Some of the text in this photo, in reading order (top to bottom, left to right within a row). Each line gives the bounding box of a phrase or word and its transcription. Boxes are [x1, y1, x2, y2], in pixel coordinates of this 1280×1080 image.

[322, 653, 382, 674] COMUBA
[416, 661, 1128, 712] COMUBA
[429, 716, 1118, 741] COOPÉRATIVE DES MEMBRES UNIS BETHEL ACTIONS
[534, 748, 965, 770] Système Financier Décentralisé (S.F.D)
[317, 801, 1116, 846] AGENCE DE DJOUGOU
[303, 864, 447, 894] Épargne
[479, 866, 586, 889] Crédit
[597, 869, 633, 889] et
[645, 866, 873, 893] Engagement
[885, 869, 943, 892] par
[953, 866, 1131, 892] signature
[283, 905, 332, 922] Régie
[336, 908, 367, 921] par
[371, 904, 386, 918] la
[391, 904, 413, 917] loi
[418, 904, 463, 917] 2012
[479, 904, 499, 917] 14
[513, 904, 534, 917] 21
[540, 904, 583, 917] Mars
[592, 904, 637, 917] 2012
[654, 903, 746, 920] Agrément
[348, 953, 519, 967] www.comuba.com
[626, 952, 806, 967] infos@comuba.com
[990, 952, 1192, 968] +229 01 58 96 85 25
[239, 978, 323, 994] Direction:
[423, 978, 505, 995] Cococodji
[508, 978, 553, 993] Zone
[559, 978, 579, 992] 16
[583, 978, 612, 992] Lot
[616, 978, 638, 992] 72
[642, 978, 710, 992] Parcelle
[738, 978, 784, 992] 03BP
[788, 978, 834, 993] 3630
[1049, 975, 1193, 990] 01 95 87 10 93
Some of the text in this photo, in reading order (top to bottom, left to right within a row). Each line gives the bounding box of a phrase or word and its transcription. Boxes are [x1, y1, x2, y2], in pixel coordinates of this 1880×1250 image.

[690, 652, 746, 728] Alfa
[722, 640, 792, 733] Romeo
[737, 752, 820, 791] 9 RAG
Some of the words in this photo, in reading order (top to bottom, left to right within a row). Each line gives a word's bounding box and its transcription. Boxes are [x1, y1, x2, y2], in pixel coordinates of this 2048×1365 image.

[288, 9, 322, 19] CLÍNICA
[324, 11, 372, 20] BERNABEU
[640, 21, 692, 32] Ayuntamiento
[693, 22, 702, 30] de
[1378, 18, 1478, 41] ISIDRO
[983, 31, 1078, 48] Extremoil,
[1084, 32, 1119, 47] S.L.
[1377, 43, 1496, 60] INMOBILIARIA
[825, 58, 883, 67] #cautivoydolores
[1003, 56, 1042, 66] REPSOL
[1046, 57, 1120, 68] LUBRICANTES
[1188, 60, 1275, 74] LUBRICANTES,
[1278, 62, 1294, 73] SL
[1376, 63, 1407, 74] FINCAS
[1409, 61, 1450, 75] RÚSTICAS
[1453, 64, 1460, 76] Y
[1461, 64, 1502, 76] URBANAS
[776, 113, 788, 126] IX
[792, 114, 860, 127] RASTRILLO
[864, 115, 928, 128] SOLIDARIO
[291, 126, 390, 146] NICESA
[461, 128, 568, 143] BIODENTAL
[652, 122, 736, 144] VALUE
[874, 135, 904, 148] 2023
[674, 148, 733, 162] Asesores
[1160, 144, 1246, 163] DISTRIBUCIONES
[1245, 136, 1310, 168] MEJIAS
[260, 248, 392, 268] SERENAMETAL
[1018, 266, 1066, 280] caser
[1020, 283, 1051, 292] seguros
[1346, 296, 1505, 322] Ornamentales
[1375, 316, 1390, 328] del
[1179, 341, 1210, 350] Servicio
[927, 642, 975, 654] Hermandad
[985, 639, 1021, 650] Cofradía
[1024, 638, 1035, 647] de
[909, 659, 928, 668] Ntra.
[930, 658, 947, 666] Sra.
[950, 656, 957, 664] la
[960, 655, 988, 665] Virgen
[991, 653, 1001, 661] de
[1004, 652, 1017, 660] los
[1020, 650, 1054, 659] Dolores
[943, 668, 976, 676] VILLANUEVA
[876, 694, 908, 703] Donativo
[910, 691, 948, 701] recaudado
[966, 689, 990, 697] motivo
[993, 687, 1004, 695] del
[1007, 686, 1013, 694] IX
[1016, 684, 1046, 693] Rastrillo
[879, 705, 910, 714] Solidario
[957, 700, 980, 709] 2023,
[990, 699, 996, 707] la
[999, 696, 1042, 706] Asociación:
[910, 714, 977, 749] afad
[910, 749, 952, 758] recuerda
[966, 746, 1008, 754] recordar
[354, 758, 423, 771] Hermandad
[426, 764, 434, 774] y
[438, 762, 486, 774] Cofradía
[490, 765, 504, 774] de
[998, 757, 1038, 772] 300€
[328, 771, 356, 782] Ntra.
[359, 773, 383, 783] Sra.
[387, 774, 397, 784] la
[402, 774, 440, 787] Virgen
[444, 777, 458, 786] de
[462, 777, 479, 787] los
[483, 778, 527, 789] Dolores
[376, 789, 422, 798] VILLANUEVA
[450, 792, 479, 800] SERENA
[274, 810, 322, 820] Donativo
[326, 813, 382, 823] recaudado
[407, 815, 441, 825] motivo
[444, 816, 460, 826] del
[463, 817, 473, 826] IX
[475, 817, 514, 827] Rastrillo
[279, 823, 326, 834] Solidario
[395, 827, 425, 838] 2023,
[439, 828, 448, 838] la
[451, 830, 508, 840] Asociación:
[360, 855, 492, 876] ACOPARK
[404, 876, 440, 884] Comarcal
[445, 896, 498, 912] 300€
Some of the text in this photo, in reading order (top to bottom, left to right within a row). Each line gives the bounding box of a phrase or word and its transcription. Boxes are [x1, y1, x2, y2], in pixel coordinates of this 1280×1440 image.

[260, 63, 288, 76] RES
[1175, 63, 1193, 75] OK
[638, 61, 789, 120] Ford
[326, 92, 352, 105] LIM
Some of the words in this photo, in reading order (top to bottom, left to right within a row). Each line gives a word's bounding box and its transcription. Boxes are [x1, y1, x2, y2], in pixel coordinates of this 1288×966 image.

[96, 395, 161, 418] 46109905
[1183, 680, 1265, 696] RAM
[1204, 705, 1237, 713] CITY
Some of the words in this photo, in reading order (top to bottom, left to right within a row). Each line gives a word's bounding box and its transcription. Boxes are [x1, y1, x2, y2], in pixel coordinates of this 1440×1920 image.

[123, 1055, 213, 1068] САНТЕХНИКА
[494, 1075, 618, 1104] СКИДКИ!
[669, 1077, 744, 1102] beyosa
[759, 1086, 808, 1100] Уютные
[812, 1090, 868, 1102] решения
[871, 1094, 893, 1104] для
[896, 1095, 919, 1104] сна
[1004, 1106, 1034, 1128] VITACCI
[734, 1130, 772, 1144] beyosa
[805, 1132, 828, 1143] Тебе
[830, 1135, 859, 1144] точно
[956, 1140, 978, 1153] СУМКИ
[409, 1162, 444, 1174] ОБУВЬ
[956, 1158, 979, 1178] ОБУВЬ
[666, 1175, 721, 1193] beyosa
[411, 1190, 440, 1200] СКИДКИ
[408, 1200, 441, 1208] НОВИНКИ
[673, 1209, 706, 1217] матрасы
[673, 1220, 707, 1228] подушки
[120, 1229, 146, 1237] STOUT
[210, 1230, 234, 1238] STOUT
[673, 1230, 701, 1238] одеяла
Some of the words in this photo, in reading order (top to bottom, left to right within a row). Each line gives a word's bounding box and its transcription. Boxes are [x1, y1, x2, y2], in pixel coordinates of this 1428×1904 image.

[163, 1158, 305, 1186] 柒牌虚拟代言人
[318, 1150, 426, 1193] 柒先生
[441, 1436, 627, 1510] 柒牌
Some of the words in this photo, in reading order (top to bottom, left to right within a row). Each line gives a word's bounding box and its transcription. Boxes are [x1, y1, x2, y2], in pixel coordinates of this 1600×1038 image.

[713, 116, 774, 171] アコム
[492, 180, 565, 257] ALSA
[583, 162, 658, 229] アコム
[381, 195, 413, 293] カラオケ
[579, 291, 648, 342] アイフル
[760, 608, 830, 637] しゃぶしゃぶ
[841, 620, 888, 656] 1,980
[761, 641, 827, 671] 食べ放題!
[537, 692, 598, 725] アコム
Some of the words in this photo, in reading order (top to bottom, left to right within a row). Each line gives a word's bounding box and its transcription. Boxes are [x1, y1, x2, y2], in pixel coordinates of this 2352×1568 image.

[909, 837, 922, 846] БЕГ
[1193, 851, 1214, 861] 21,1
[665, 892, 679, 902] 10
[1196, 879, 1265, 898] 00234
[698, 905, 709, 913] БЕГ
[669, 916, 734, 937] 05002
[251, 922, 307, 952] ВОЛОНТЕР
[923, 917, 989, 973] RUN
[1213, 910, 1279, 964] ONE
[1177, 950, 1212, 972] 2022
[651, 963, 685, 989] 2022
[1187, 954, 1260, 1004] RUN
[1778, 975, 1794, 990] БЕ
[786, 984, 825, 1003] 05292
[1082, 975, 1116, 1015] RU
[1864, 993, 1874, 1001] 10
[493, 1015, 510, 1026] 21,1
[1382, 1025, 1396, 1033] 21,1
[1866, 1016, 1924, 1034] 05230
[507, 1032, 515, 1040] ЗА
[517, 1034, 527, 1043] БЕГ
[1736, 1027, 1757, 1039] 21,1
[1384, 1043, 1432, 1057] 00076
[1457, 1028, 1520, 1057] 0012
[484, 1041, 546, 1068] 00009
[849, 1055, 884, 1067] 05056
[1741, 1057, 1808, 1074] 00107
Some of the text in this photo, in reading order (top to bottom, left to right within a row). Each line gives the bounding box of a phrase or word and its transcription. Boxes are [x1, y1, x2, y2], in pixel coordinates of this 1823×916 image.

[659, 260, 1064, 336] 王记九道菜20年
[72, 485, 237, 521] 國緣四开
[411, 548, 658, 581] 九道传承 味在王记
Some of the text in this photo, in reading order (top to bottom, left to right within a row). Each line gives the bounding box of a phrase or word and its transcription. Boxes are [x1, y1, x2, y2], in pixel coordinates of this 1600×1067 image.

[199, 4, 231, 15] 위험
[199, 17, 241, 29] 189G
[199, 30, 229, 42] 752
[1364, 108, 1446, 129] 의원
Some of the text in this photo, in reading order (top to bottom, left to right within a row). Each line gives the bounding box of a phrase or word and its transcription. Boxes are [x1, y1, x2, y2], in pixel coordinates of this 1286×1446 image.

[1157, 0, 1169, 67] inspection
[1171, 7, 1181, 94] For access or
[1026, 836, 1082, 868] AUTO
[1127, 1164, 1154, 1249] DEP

****************

(HOW TO COMPLETE THIS TASK) Word for word, please return the lines from the one containing "this 1286×1446 image." through the end of the listing, both ends included, and nothing else.

(ANSWER TO THIS TASK)
Some of the text in this photo, in reading order (top to bottom, left to right within a row). Each line gives the bounding box of a phrase or word and its transcription. Boxes are [x1, y1, x2, y2], in pixel coordinates of this 1286×1446 image.

[1157, 0, 1169, 67] inspection
[1171, 7, 1181, 94] For access or
[1026, 836, 1082, 868] AUTO
[1127, 1164, 1154, 1249] DEP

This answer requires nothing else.